The title on the degree you earn matters far less to potential employers than the fact that you have a degree in the first place.The career path tied to your degree might be one you never walk. The career path you take might wind through multiple fields. Furthermore, the career path you take post-college doesn’t define who you are as a person. The answer to the question “What do you want to be when you grow up?” shouldn’t decide your field of study because that answer changes. Right now, when I grow up, I want to be a playwright and a mom. Six years ago, I wanted to be an infertility specialist. Three years ago, I wanted to be an opera singer and have no children. In three more years, I don’t know what I’ll want to be.
The societal pressure to study something worthwhile and get a job in that field inhibits college students’ ability and willingness to learn things that are interesting. Studying a passion of yours is often looked down on as a waste of money and time but as a student of passion, I think it creates an opportunity to learn things that others might pass over in favor of something more practical. Don’t get me wrong, there’s nothing wrong with studying something practical and realistic like marketing or medicine. I’m not saying that the STEM fields aren’t worthy of respect. I’m saying that theatre and music and art and women and gender studies are all worthy of the same amount of respect.
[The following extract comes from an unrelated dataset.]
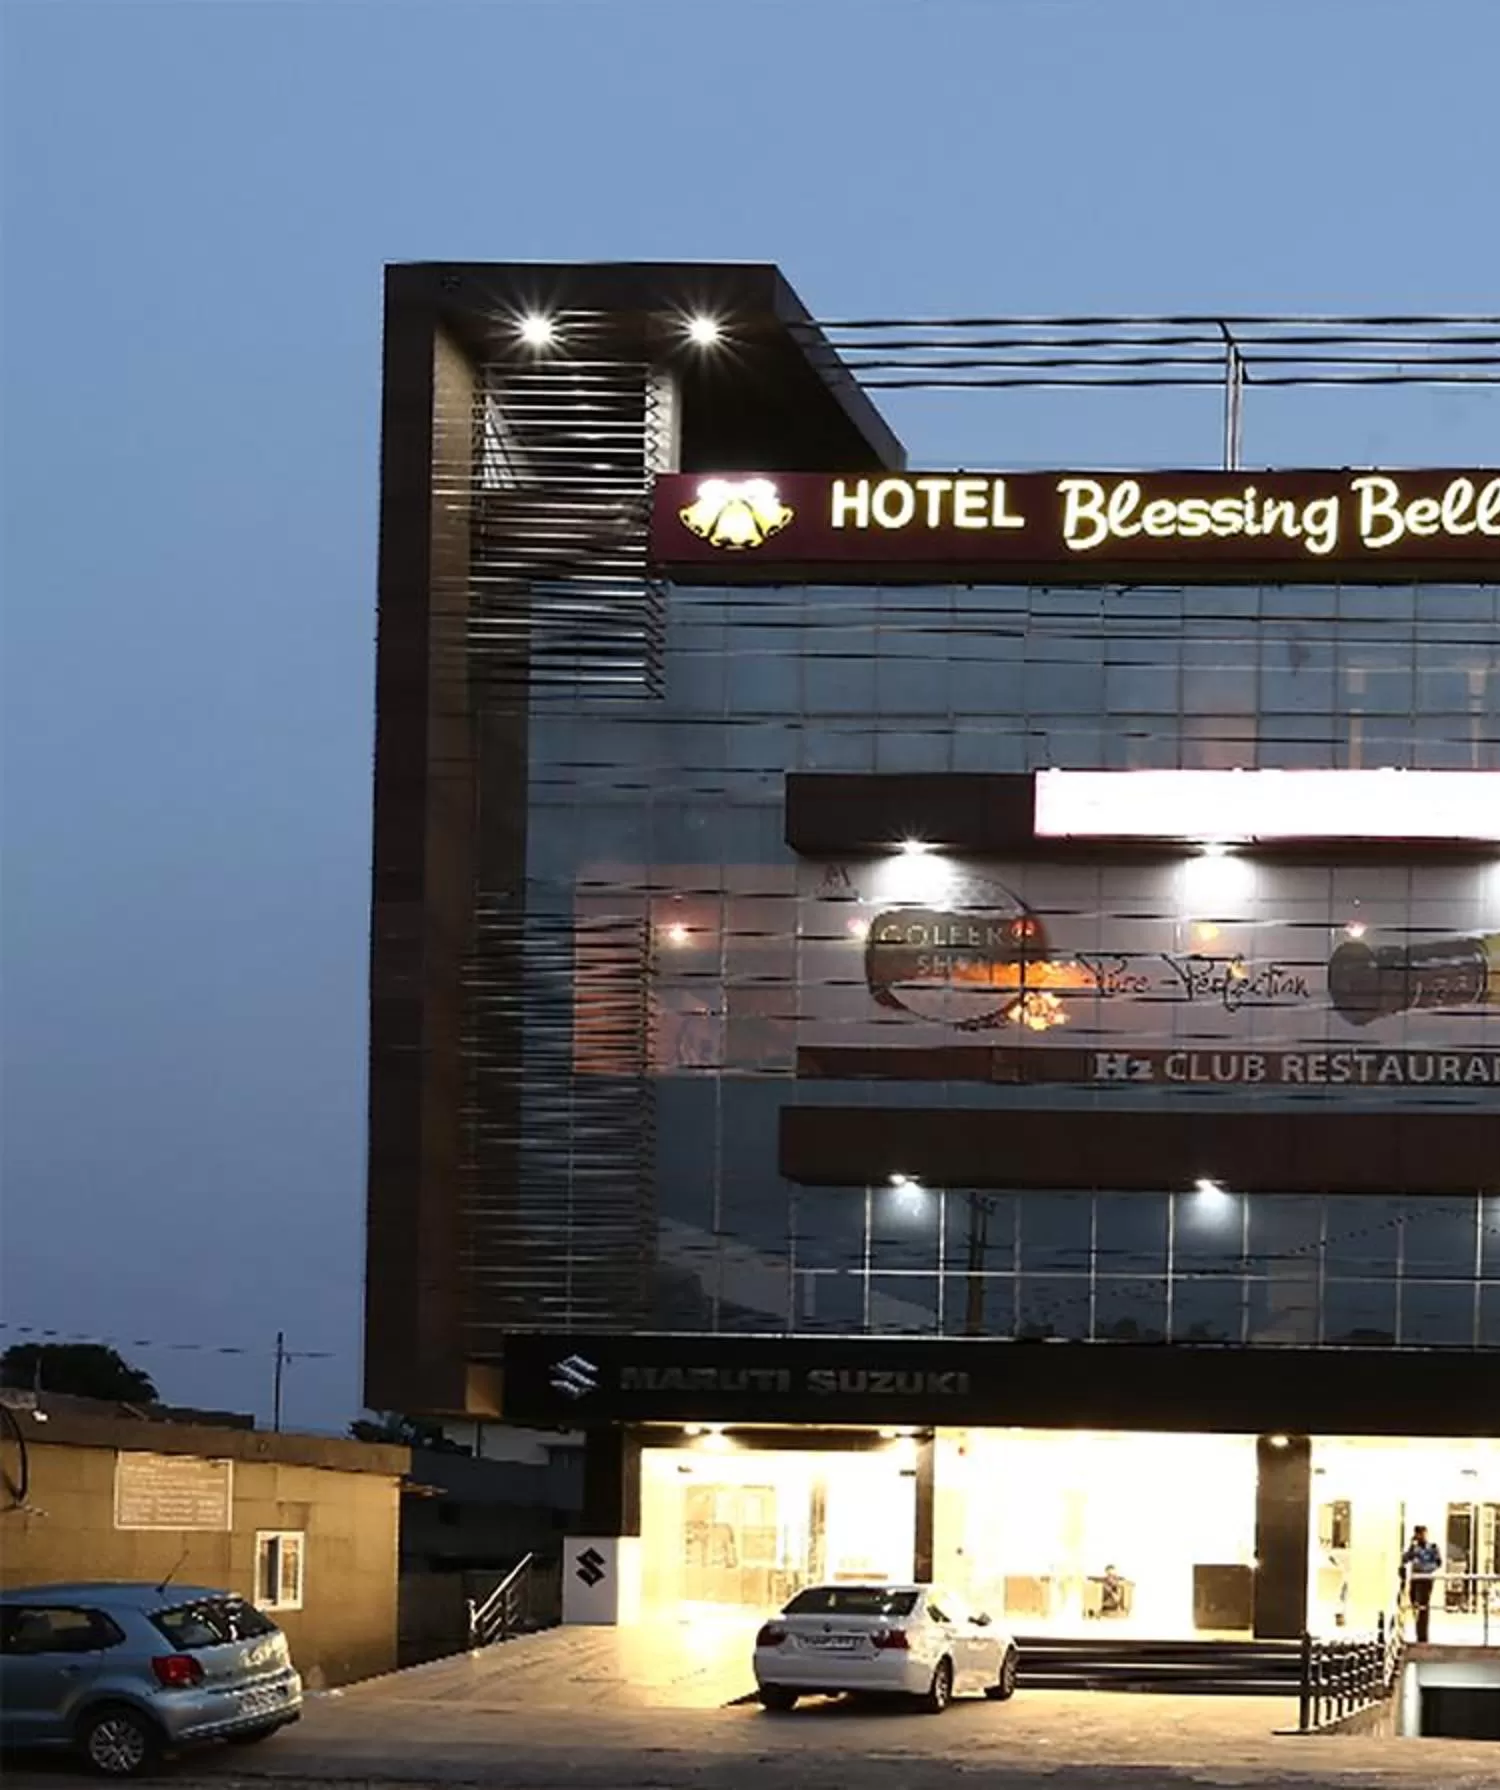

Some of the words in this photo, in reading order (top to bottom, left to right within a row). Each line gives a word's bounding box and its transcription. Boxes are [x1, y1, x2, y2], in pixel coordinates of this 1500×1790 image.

College students, especially at liberal arts institutions like this one, should be encouraged to study things that bring them joy and spark their curiosity. Young people should be encouraged to learn for the sake of knowledge instead of the sake of a potential paycheck. Your major doesn’t decide your path in life. Your career doesn’t define you. Your paycheck doesn’t determine whether or not you’re a good person. Knowing that, shouldn’t we want to spend our lives doing the things we love? We’re spending a whole lot of money for this education; shouldn’t it be in something we enjoy?
The most frequently asked question I’ve encountered in college is “What are you planning on doing with that degree?” I get a lot of rolled eyes and uncomfortable chuckles from family members, potential employers, and even strangers at parties when I tell them that I am pursuing a double major in theatre and English writing with a minor in women and gender studies. The theatre part freaks everybody out: “You can’t get a real job with a theatre degree,” they say, worried for my future as a starving artist. The women and gender studies part gets me a patronizing chuckle: “So you’re one of those girls,” they say, berating me for being impassioned. The English part a lot of people can get behind: “Oh, so you want to teach,” they say, excited that I have a respectable career picked out for myself. But I don’t want to teach.
I don’t know what I want to do with my degree. I don’t know what I’m going to do after I graduate. I don’t know how much money I’m going to make or if my degree will lead me into a field I like. I don’t know if I’ll want to work in theatre for the rest of my life. I don’t know if my degree will ever earn me a “real job” or if I’ll always want to be a playwright. All I know is that I love what I’m studying. I’m doing what I love and I love what I do. And, in my opinion, that’s what matters most.